Records shown:
>>

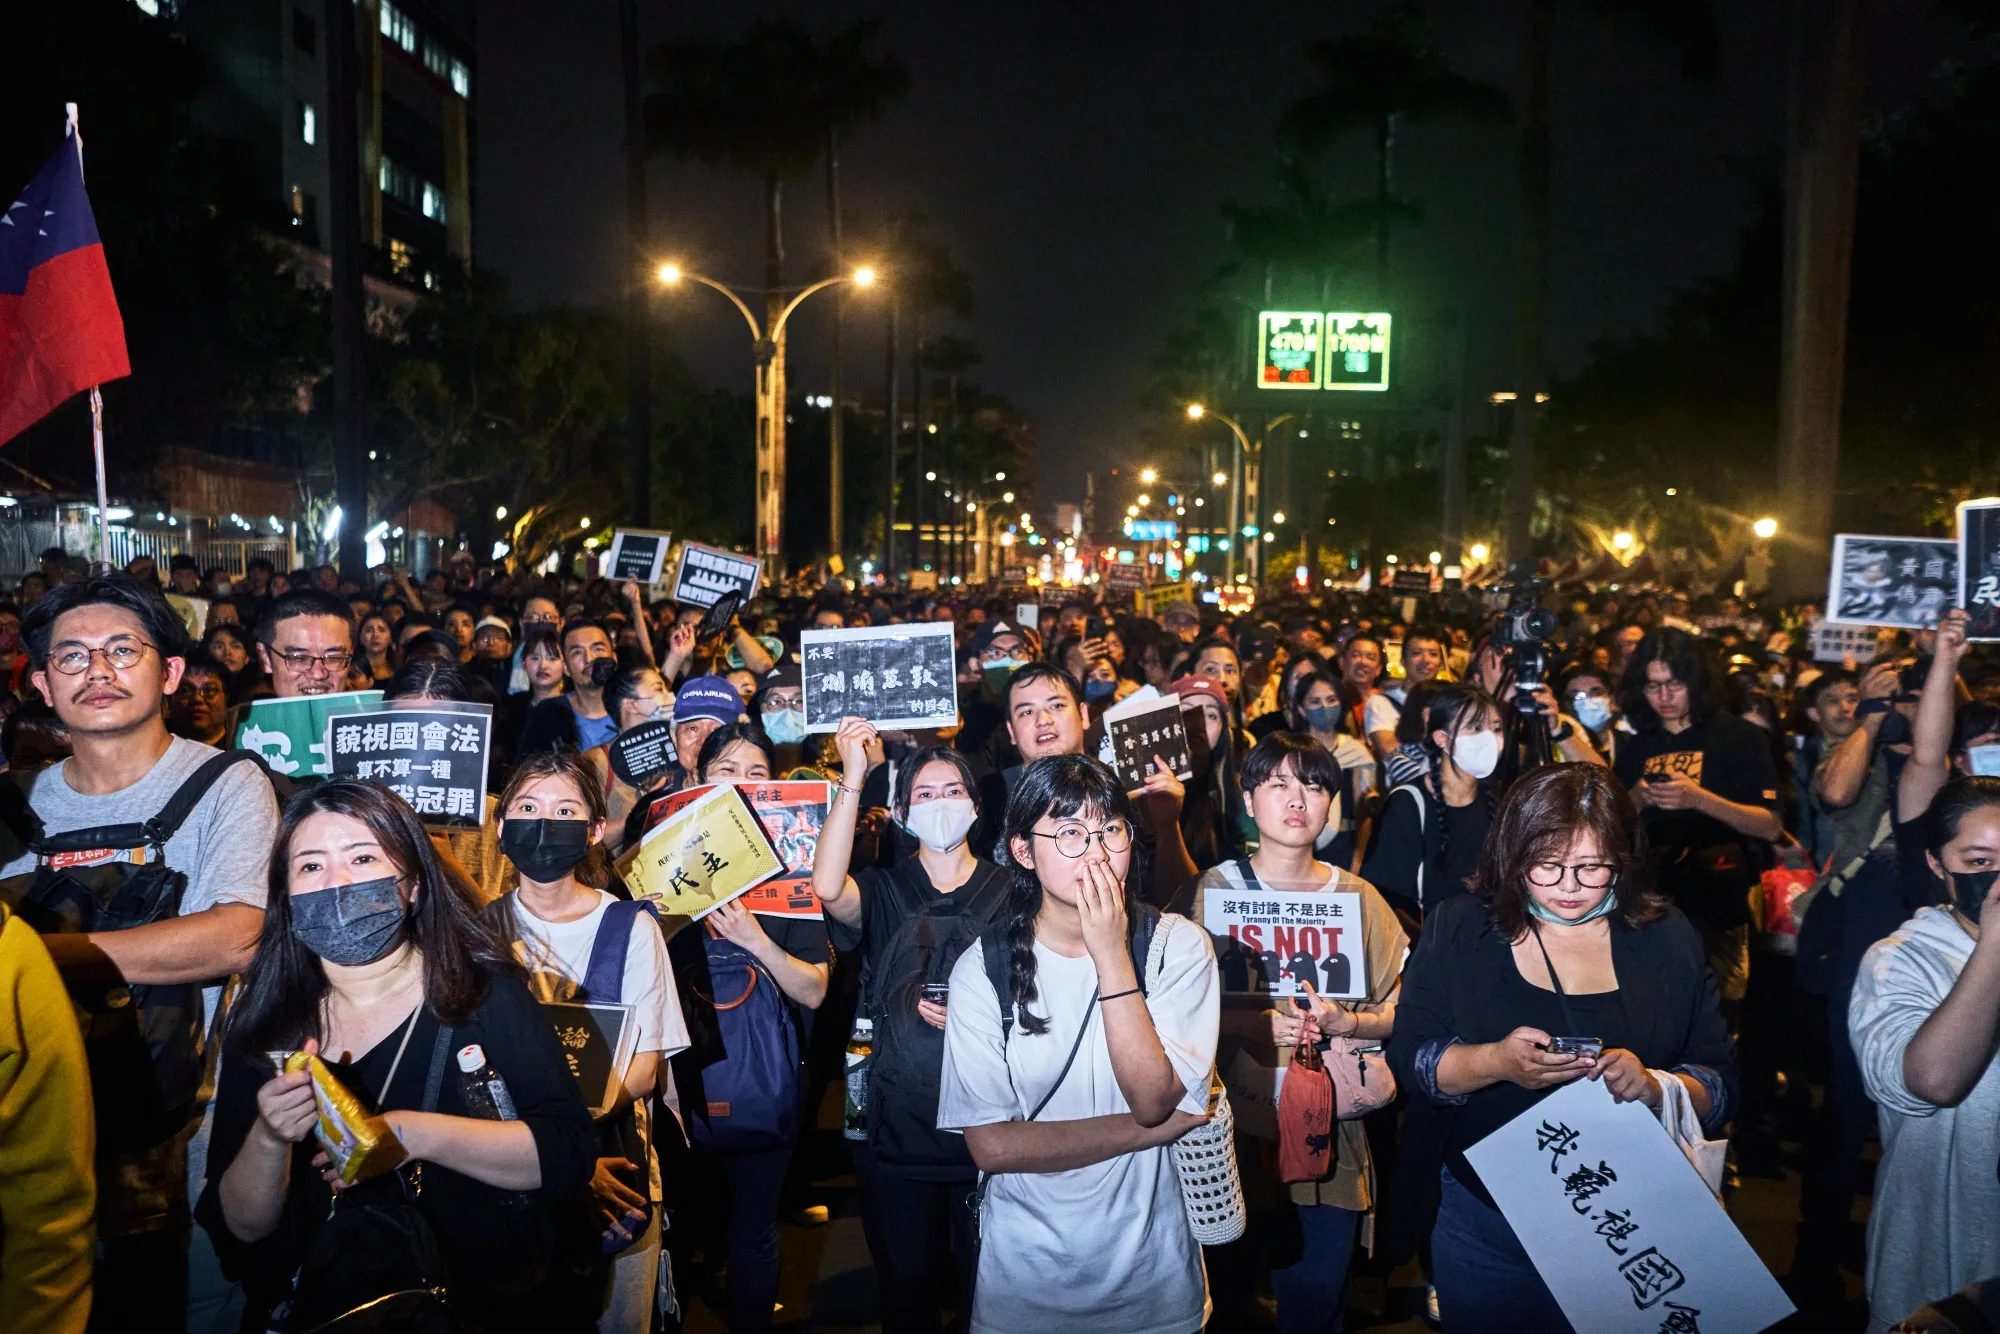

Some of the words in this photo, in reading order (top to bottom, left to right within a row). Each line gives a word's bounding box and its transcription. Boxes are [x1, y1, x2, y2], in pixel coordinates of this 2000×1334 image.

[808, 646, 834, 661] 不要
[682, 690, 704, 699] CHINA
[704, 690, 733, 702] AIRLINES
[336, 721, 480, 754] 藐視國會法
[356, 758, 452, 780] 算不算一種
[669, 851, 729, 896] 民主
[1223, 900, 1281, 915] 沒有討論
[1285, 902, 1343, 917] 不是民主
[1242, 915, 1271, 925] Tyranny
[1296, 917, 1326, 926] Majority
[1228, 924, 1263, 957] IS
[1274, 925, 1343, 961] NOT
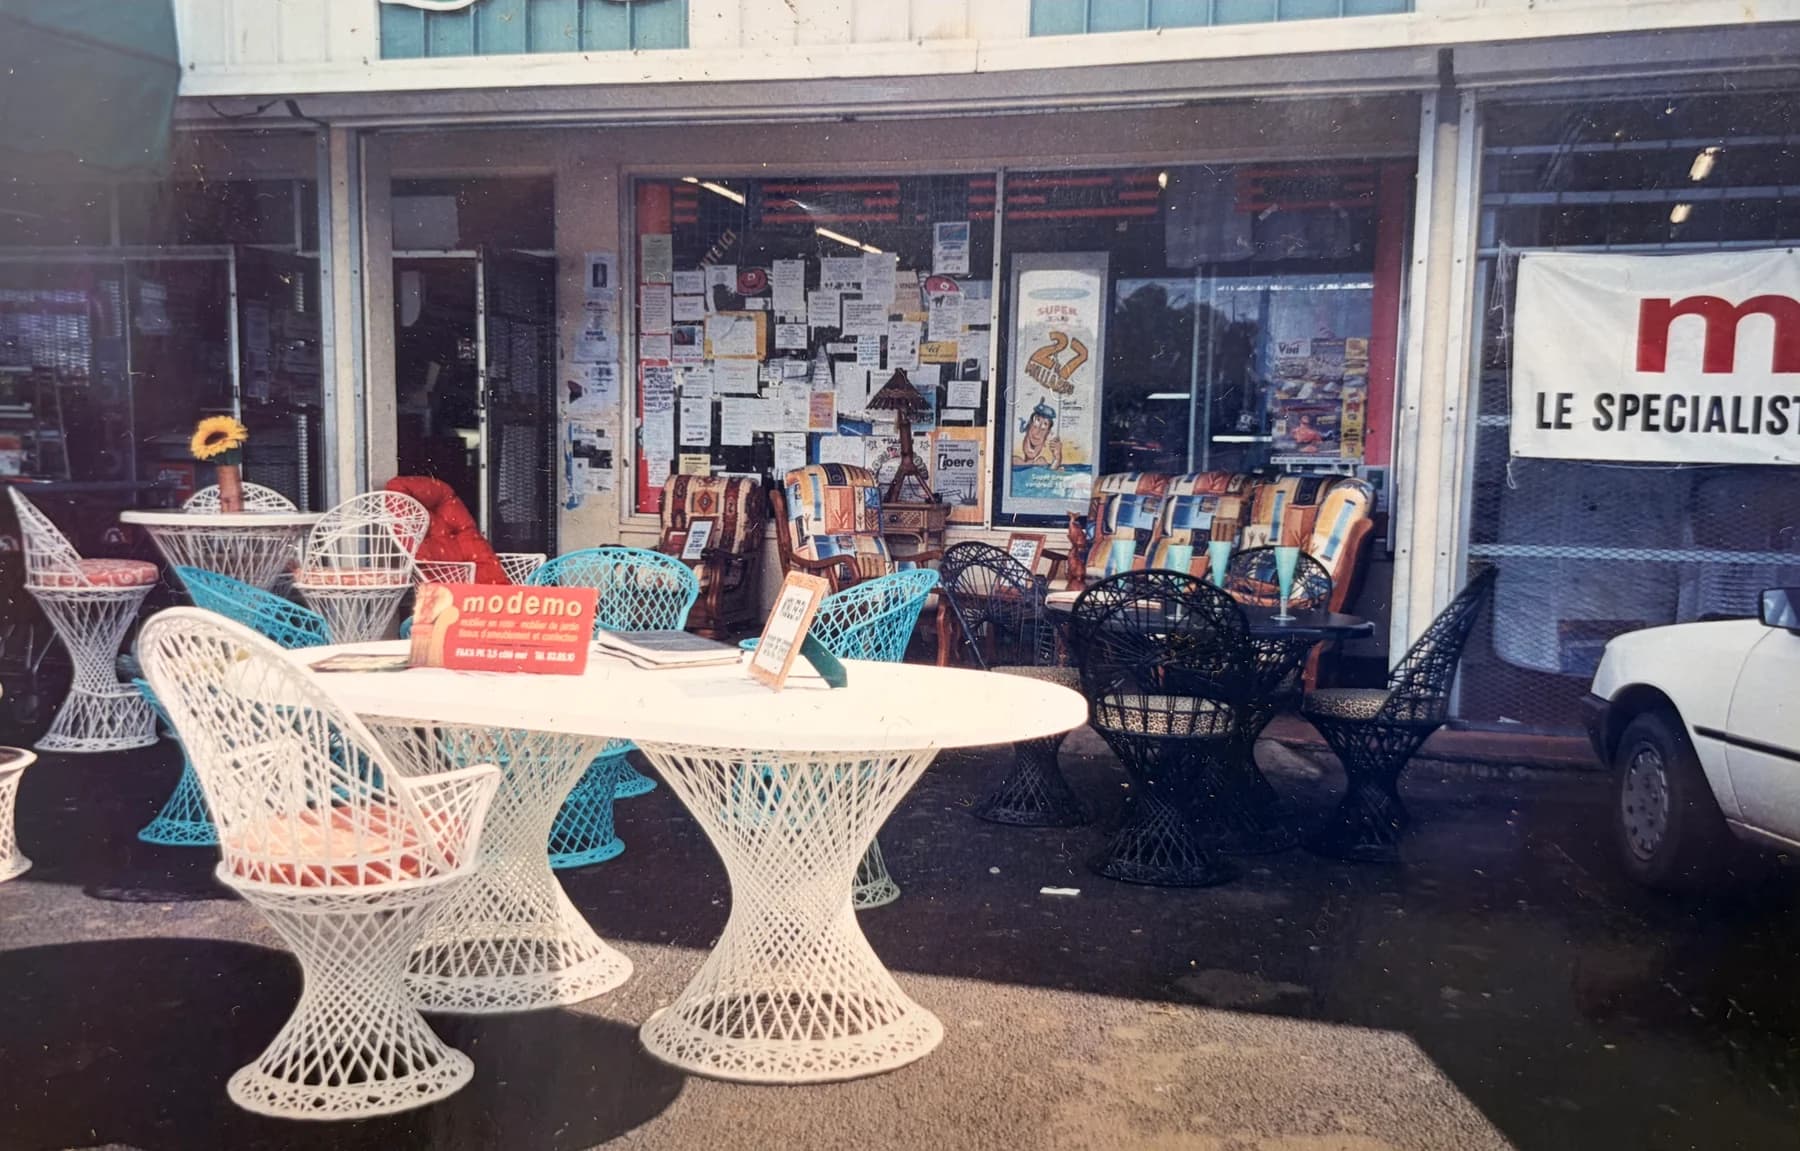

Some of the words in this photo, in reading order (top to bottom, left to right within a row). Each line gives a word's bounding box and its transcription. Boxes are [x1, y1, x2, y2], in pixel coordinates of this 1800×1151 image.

<<

Work instruction: All records above must be copied exactly, though the pictures they hold are to be left out.

Solution:
Some of the words in this photo, in reading order (top to bottom, left to right within a row). Each line gives a word's bounding box and its transcription. Boxes are [x1, y1, x2, y2], in pixel coordinates of this 2000×1334 image.

[808, 646, 834, 661] 不要
[682, 690, 704, 699] CHINA
[704, 690, 733, 702] AIRLINES
[336, 721, 480, 754] 藐視國會法
[356, 758, 452, 780] 算不算一種
[669, 851, 729, 896] 民主
[1223, 900, 1281, 915] 沒有討論
[1285, 902, 1343, 917] 不是民主
[1242, 915, 1271, 925] Tyranny
[1296, 917, 1326, 926] Majority
[1228, 924, 1263, 957] IS
[1274, 925, 1343, 961] NOT

Some of the words in this photo, in reading order (top to bottom, left to right within a row). Each line gives a word's bounding box and its transcription. Boxes are [x1, y1, x2, y2], in pixel coordinates of this 1800×1151 image.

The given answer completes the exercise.